Input for this task:
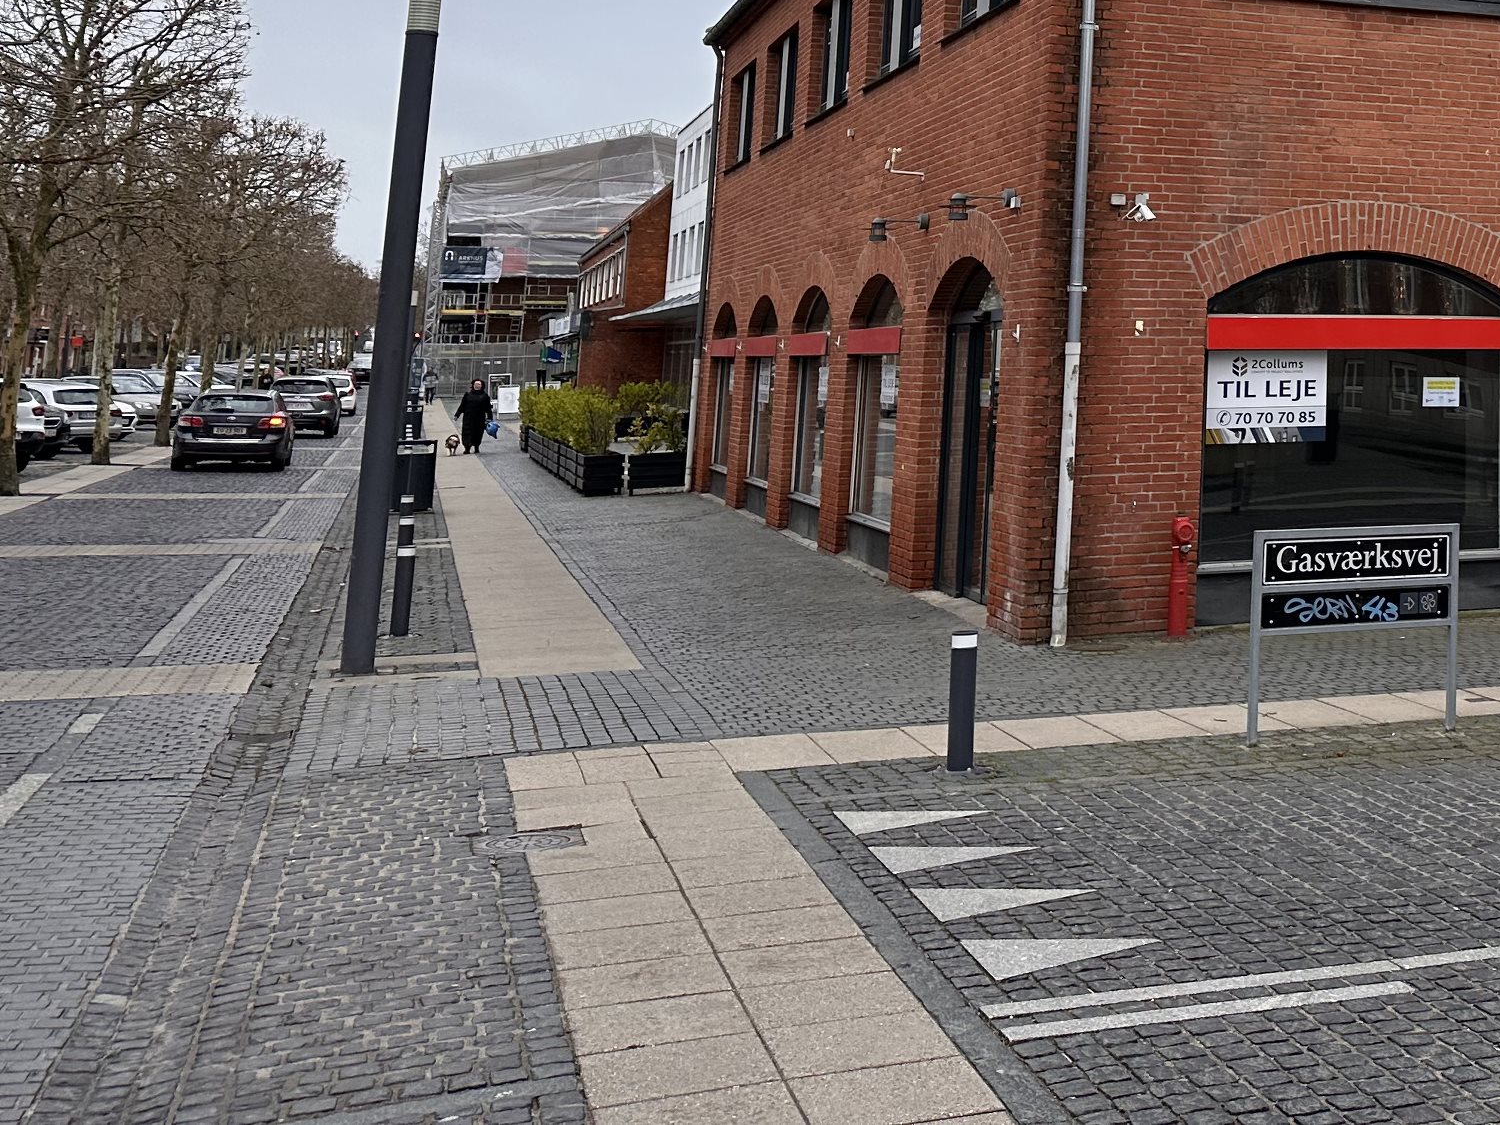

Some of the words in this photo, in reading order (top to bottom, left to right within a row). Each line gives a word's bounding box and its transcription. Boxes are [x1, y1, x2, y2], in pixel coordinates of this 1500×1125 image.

[1251, 359, 1304, 369] 2Collums
[1217, 380, 1257, 399] TIL
[1265, 379, 1317, 402] LEJE
[1235, 412, 1252, 424] 70
[1257, 412, 1274, 424] 70
[1278, 411, 1295, 424] 70
[1298, 410, 1316, 423] 85
[1276, 542, 1439, 574] Gasværksvej

Task to carry out: Hand back the records above exactly as they are, pictures excluded.

Finished exercise:
Some of the words in this photo, in reading order (top to bottom, left to right within a row). Each line gives a word's bounding box and its transcription. Boxes are [x1, y1, x2, y2], in pixel coordinates of this 1500×1125 image.

[1251, 359, 1304, 369] 2Collums
[1217, 380, 1257, 399] TIL
[1265, 379, 1317, 402] LEJE
[1235, 412, 1252, 424] 70
[1257, 412, 1274, 424] 70
[1278, 411, 1295, 424] 70
[1298, 410, 1316, 423] 85
[1276, 542, 1439, 574] Gasværksvej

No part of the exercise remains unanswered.